For me as soon as I leave the house on my own, I will put on a podcast. Even if I am unconcentrated and somewhere else with my thoughts, I have the feeling that I nevertheless benefit from the content, the atmosphere and the spirit of the conversation.


I have noticed that for me my playlist of podcasts has evolved with my personal development, my interests and even with my mood.


My podcast playlist which somehow also represents my podcast journey (!! means strong recommendations):

  • Super athletes, health and inspiration: The Rich Roll Podcast

  • Entrepreneurship, inspiration: The Time Ferris Show

  • Health, Entrepreneurship: Dave Aspery

  • History, Storytelling, suspense:  Revisionist History – Malcome Gladwell (!!)
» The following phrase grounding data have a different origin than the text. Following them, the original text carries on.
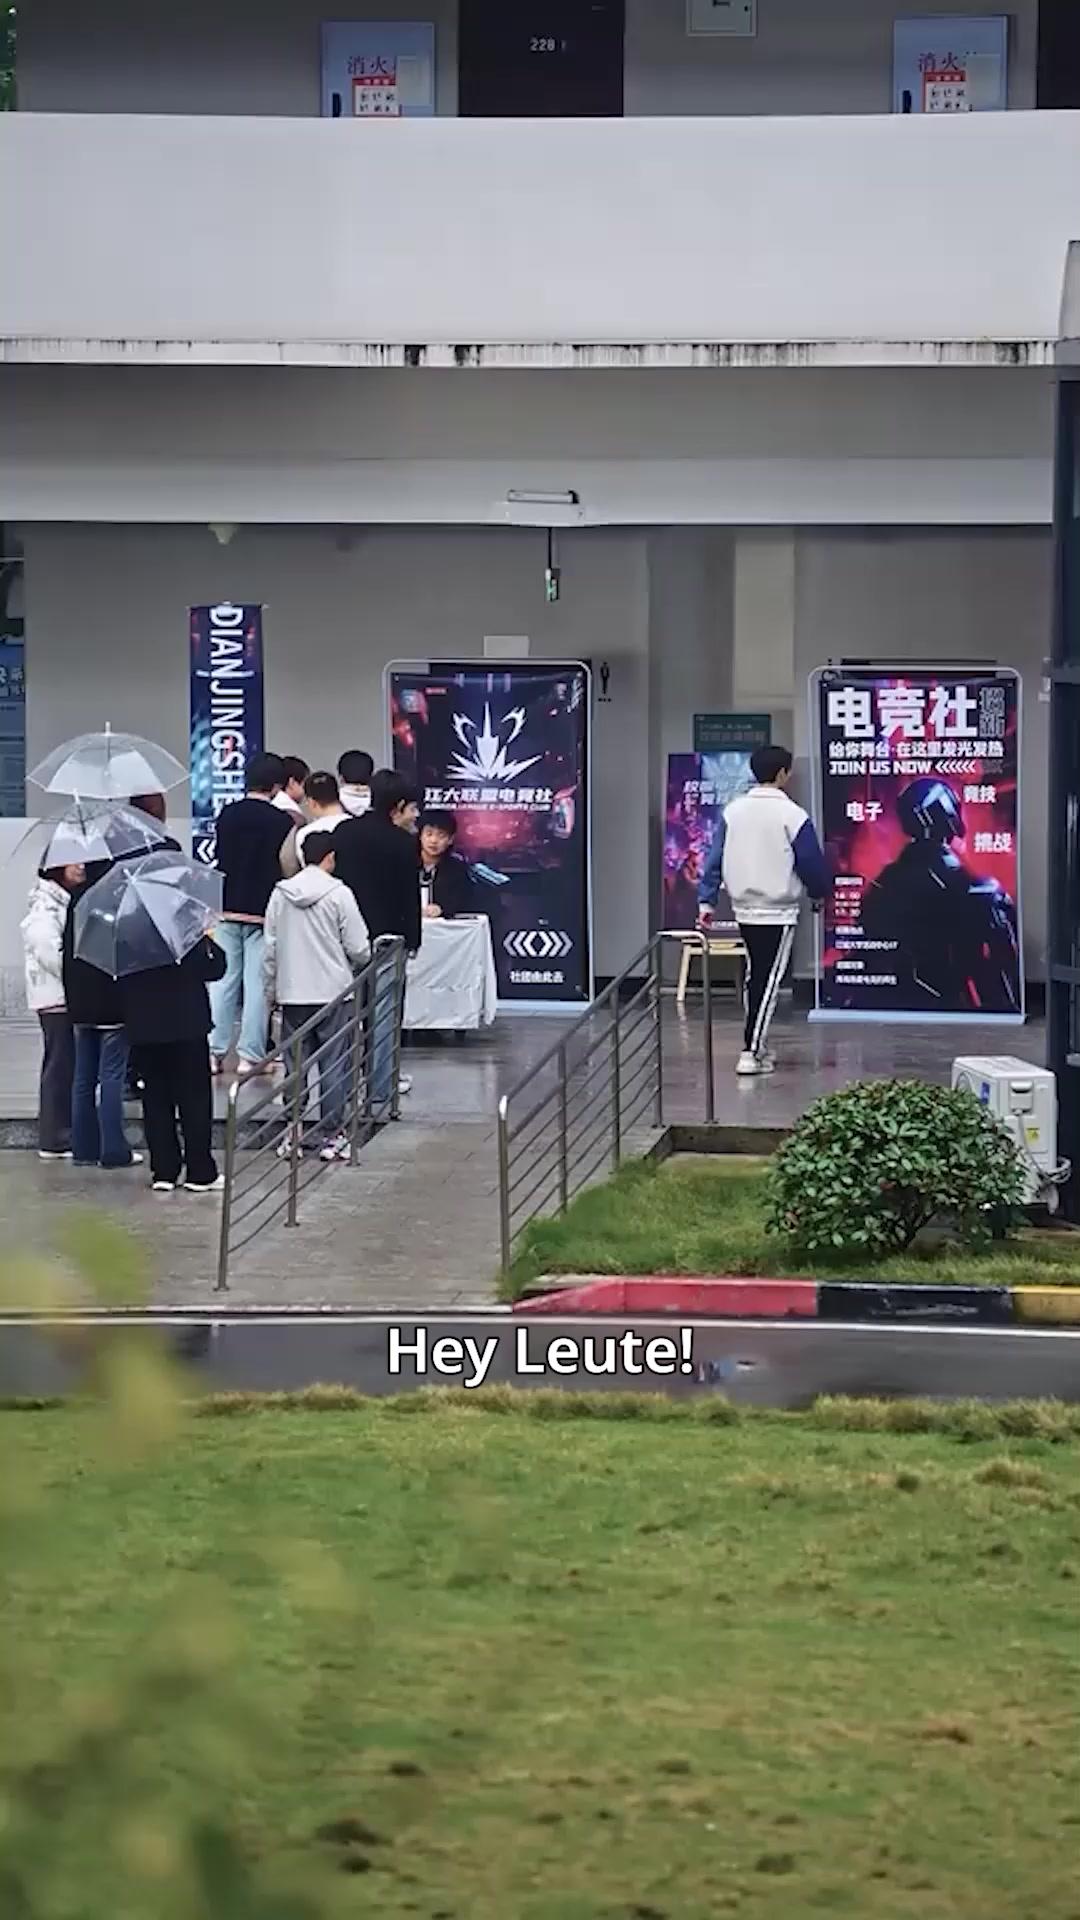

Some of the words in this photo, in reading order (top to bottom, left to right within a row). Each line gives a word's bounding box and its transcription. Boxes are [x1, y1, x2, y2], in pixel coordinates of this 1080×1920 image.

[347, 55, 398, 76] 消火
[827, 686, 978, 738] 电竞社
[829, 760, 867, 776] JOIN
[868, 760, 891, 776] US
[893, 760, 933, 776] NOW
[963, 785, 997, 804] 竞技
[846, 801, 883, 822] 电子
  • Entrepreneurship, Social Media, Inspiration:  The GaryVee Audio Experience

  • Entrepreneurship, Business, Start-ups: Master of Scale – Reid Hoffmann

  • Inspiration, Business: The James Altucher Show

  • Inspiration, Health, Business: Impact Theory – Tom Bilyeu

  • Daily Everything, MMA: The Joe Rogan Experience

  • Inspiration, Spirituality, Wisdom: Super Soul Conversations

  • Business, Inspiration, Wisdom: Akimbo – Seth Godin

  • Psychology, Philosophy, Inspiration: The Jordan B. Peterson Podcast (!!)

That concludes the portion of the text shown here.